■ The data
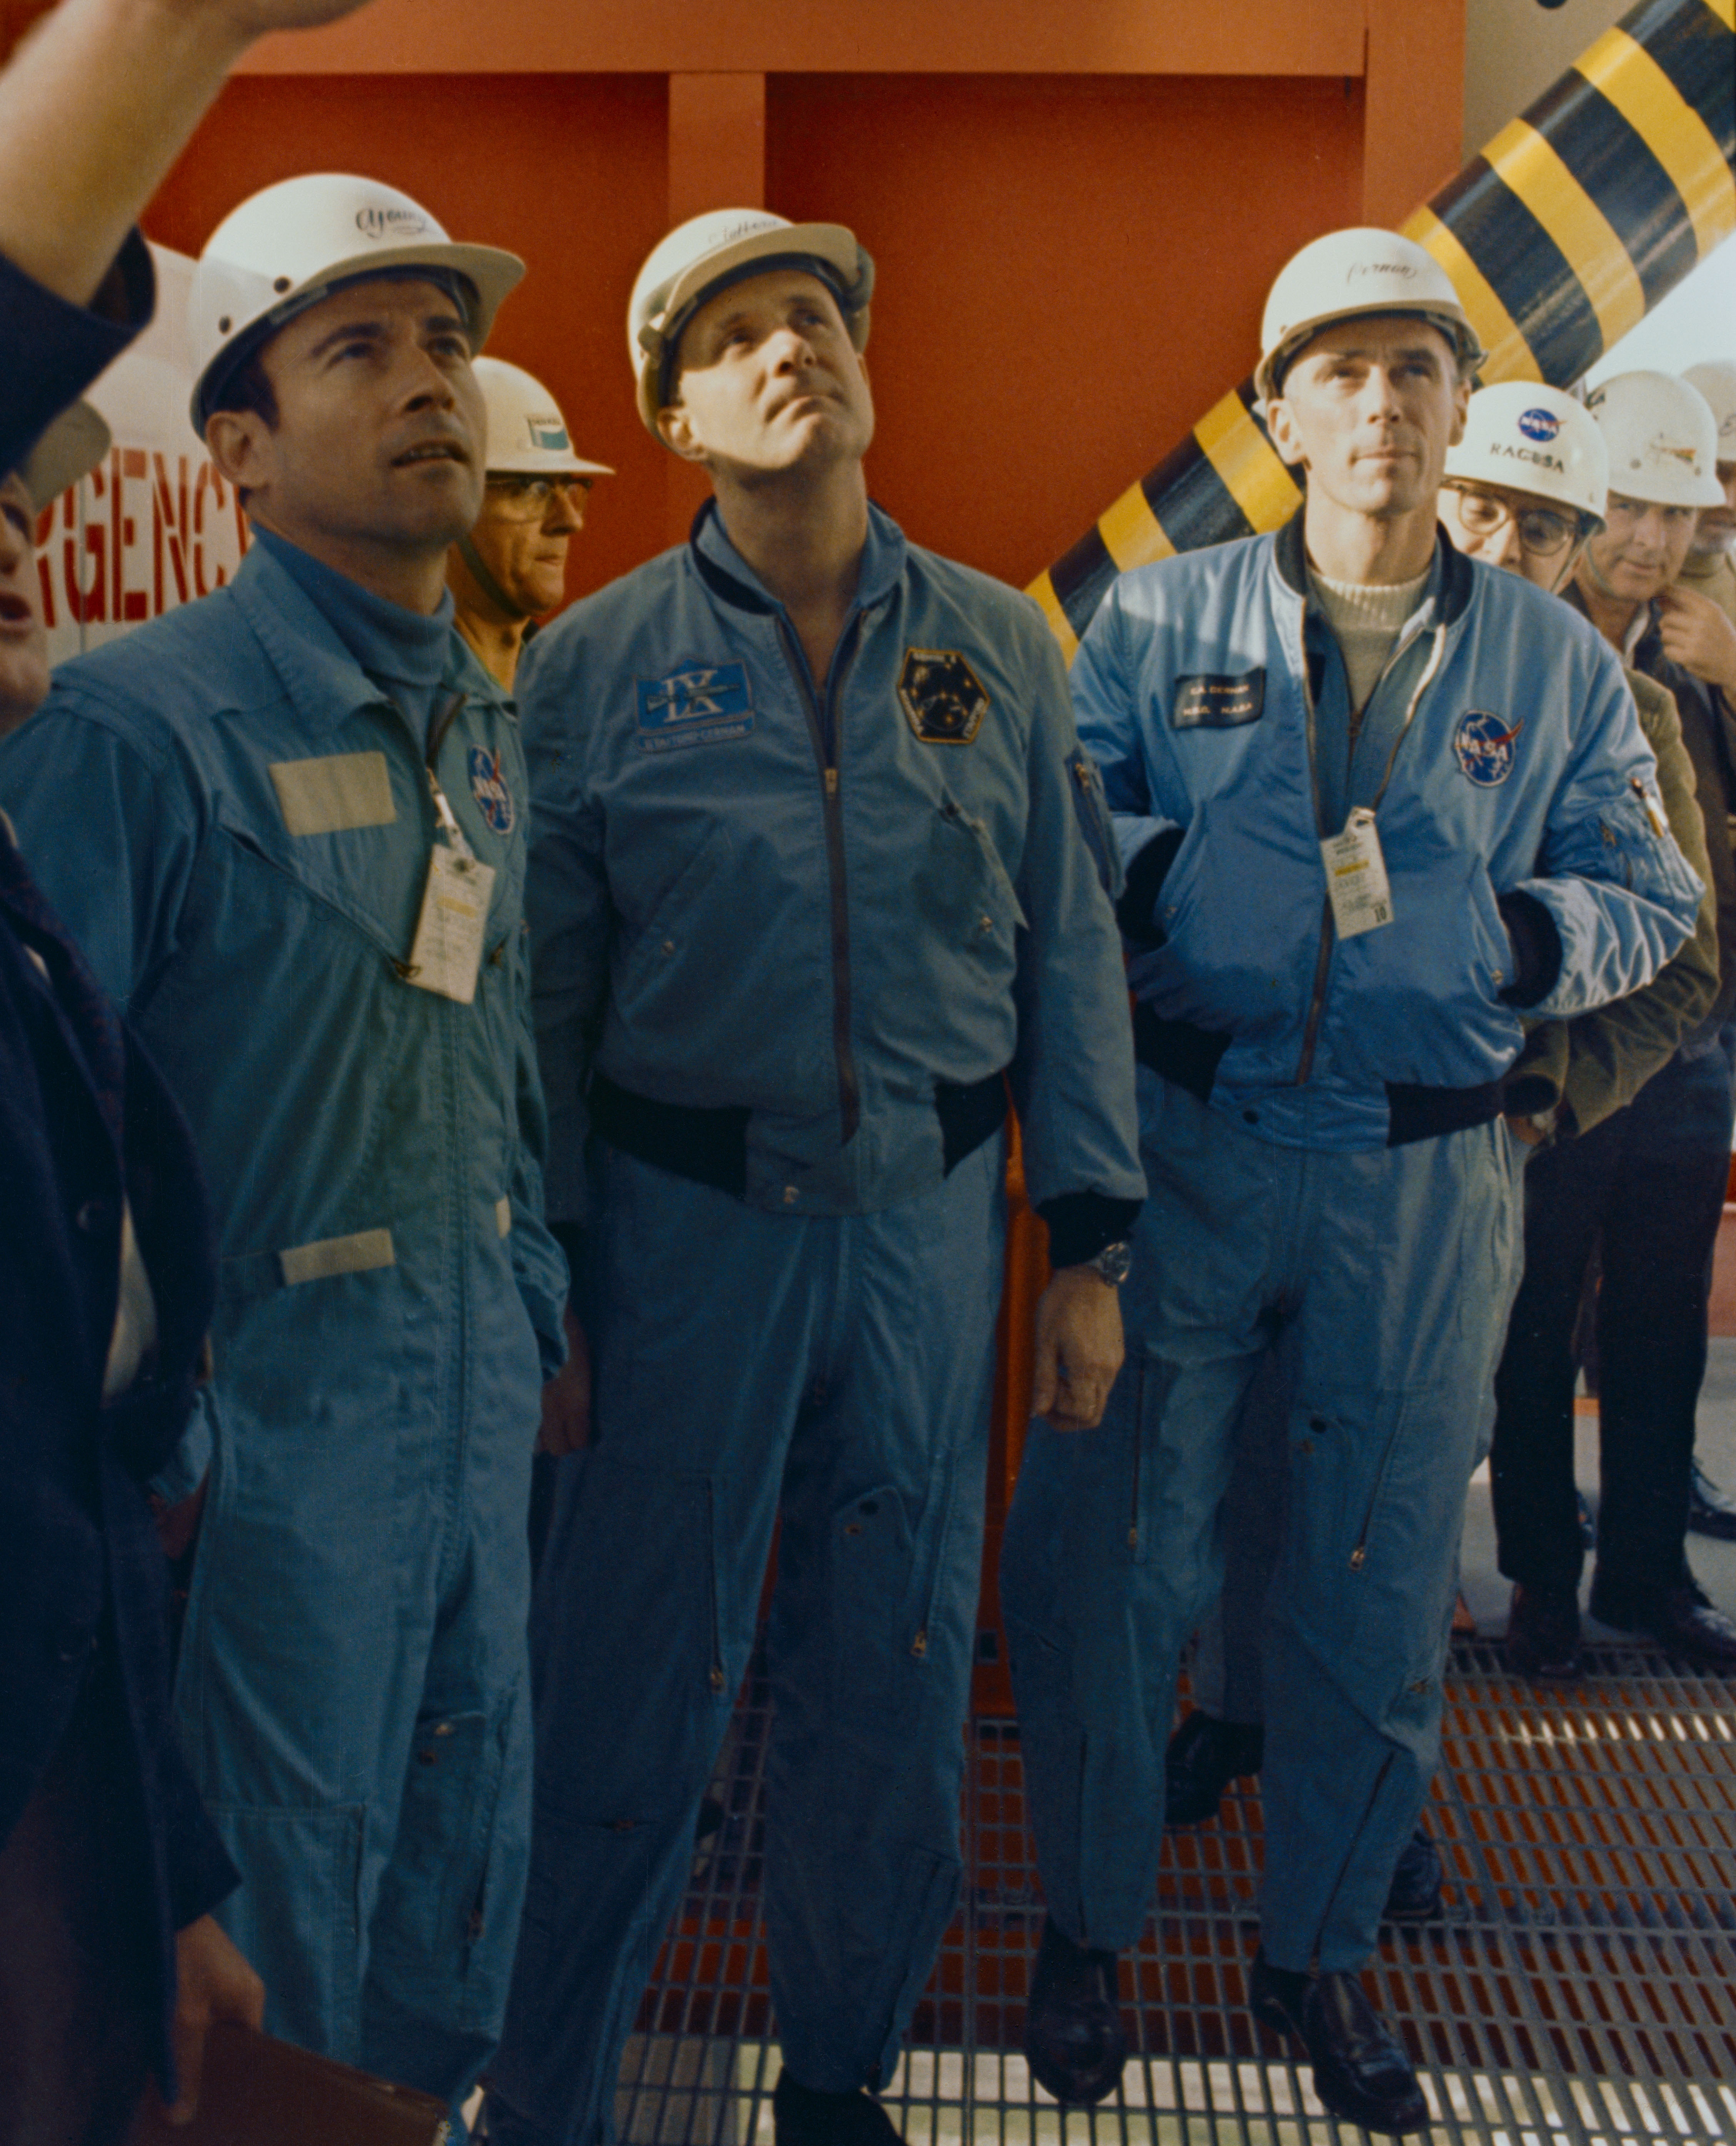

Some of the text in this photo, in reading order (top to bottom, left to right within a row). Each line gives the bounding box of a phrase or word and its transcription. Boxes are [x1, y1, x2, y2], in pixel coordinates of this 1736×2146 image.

[1520, 416, 1559, 434] NASA
[1489, 443, 1564, 474] RAGUSA
[35, 446, 249, 628] GENC
[661, 670, 724, 723] IX
[1456, 731, 1509, 762] NASA

■ Task instructions
Would you restate all of the data above word for word, omitting the pictures?

■ Exercise answer
Some of the text in this photo, in reading order (top to bottom, left to right within a row). Each line gives the bounding box of a phrase or word and its transcription. Boxes are [x1, y1, x2, y2], in pixel coordinates of this 1736×2146 image.

[1520, 416, 1559, 434] NASA
[1489, 443, 1564, 474] RAGUSA
[35, 446, 249, 628] GENC
[661, 670, 724, 723] IX
[1456, 731, 1509, 762] NASA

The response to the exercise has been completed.